Consider a scenario where customers are torn between their desire for indulgence and their commitment to a healthy lifestyle. This internal conflict creates a sense of tension that hinders decision-making.
In such instances, a well-crafted rebrand strategy can be transformative. By acknowledging and addressing the customer’s internal struggle, a brand can provide a solution that bridges the gap, thereby granting the “permission” to choose a product that aligns with their values and desires.
Rebranding is not merely about changing logos and colors; it’s about reshaping a brand’s identity to align with its target audience’s evolving needs and aspirations.
By understanding the internal conflicts that customers experience, brands can position themselves as facilitators of harmony and balance. This involves two essential steps: acknowledging the customer’s dilemmas and providing a solution that alleviates the conflict.
Imagine a company producing delicious snacks but struggling to appeal to health-conscious consumers.
This company can highlight its commitment to using healthier ingredients, transparent labeling, and responsible sourcing through a rebrand. By directly addressing the internal conflict of indulgence versus health, the brand extends the “permission” to health-conscious consumers to enjoy its products guilt-free.
Consider a financial institution that aims to attract customers torn between their desire for personalized service and security concerns.
The institution can highlight its cutting-edge security measures through rebranding while emphasizing its commitment to personalized, human-centered service. This strategy grants customers the “permission” to trust the institution with their financial needs, thus striking a balance between their desires.
Here are prime rebrand examples of a successful rebranding strategy that addressed internal conflict. Consider Dove’s Real Beauty campaign. By acknowledging society’s conflicting beauty standards, Dove empowered women to embrace their natural appearance.
This approach resonated deeply, solving the internal conflict many women experience between their self-perception and societal expectations.
The campaign didn’t just sell products; it sold the permission to feel beautiful as one is.

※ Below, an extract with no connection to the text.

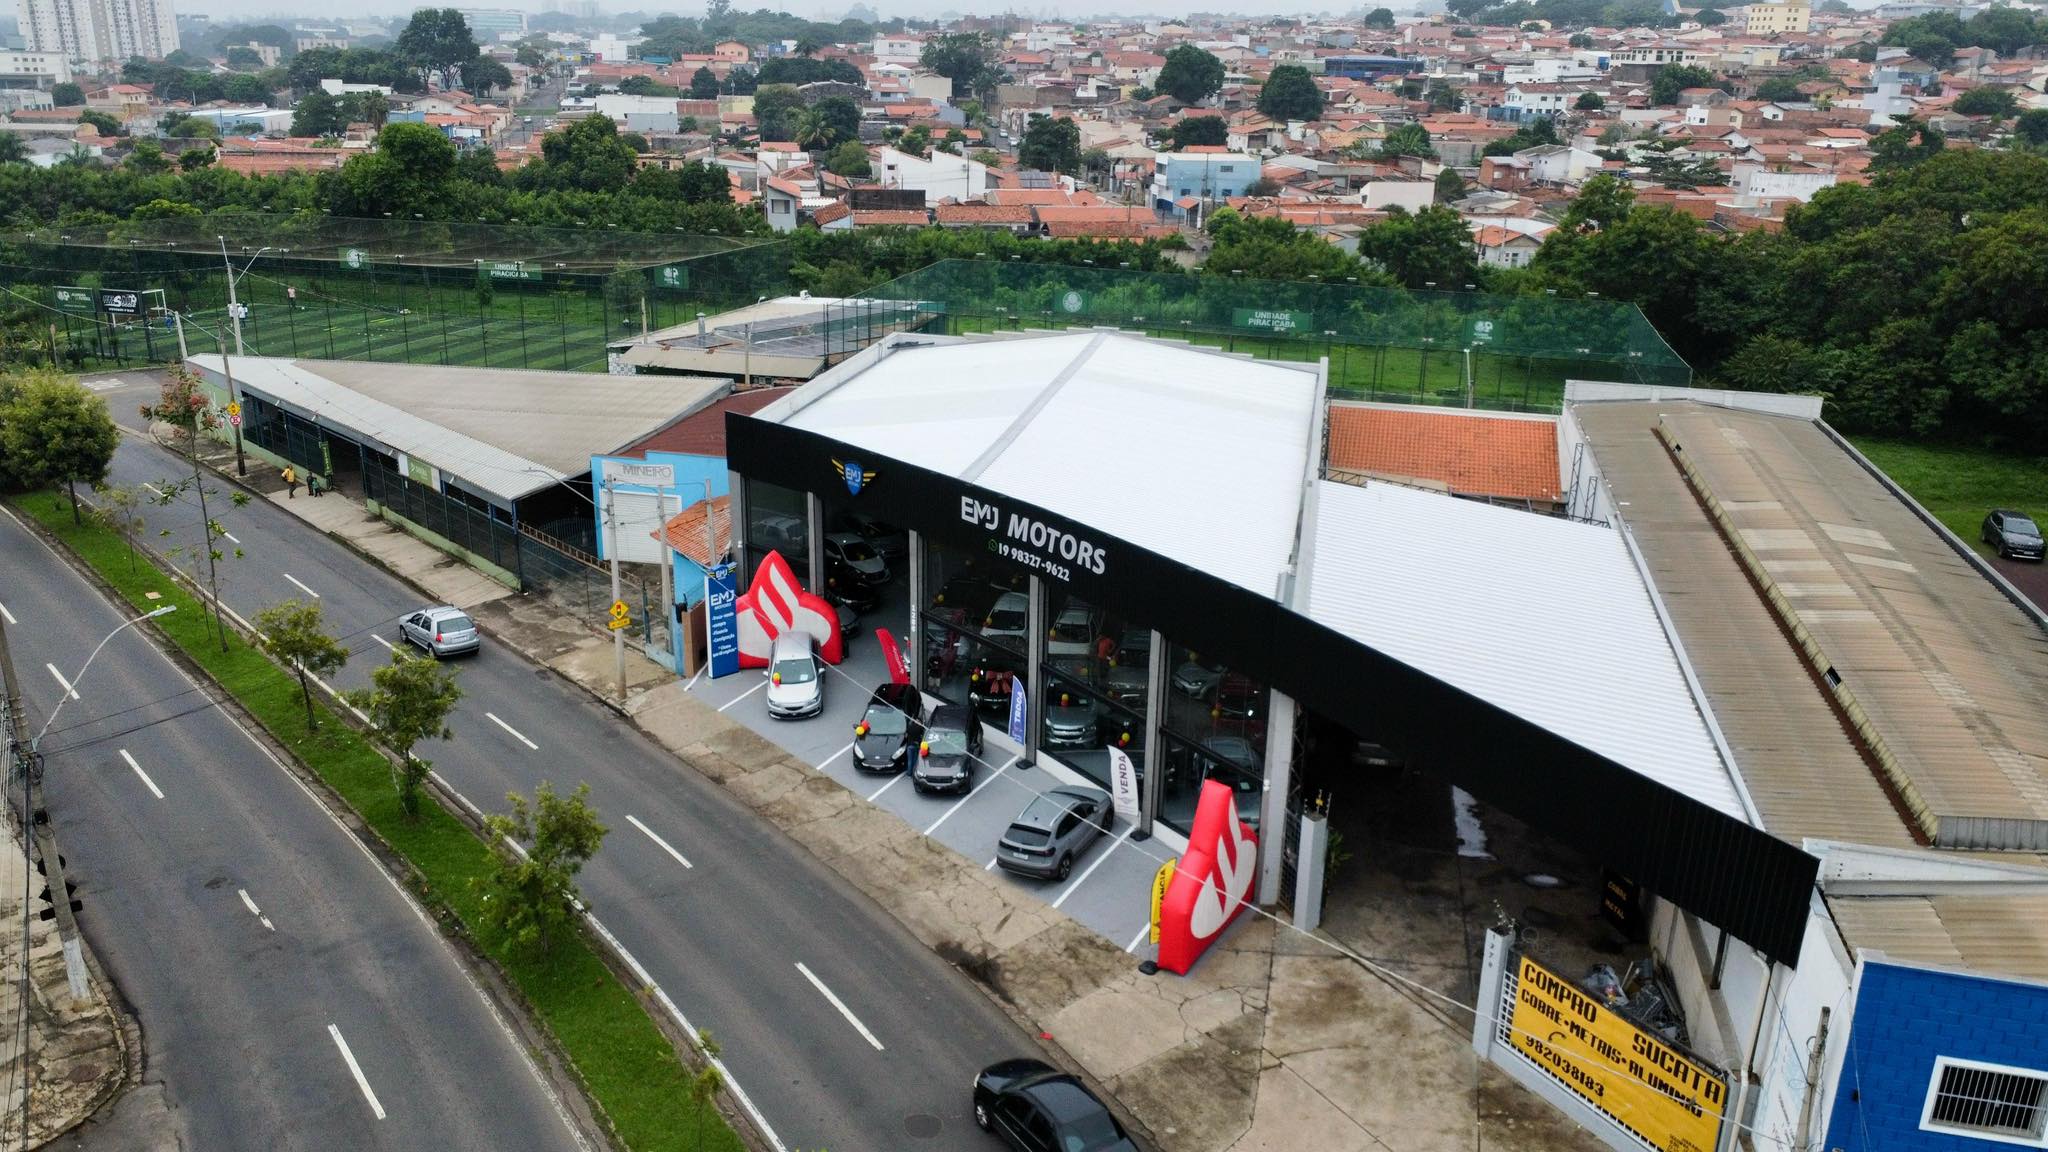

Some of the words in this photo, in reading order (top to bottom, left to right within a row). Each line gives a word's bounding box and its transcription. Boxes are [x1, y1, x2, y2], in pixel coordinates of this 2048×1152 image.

A skillful rebrand strategy gives customers the “permission” to prefer a brand’s offerings by helping them navigate their inner dilemmas. By becoming a bridge between desires and actions, brands can forge lasting connections with their target audience. In a world inundated with choices, a brand offering clarity, understanding, and resolution becomes a guiding light in decision-making.
As businesses strive to capture hearts and minds, embracing this nuanced understanding of human psychology can pave the way for successful rebranding and sustainable growth.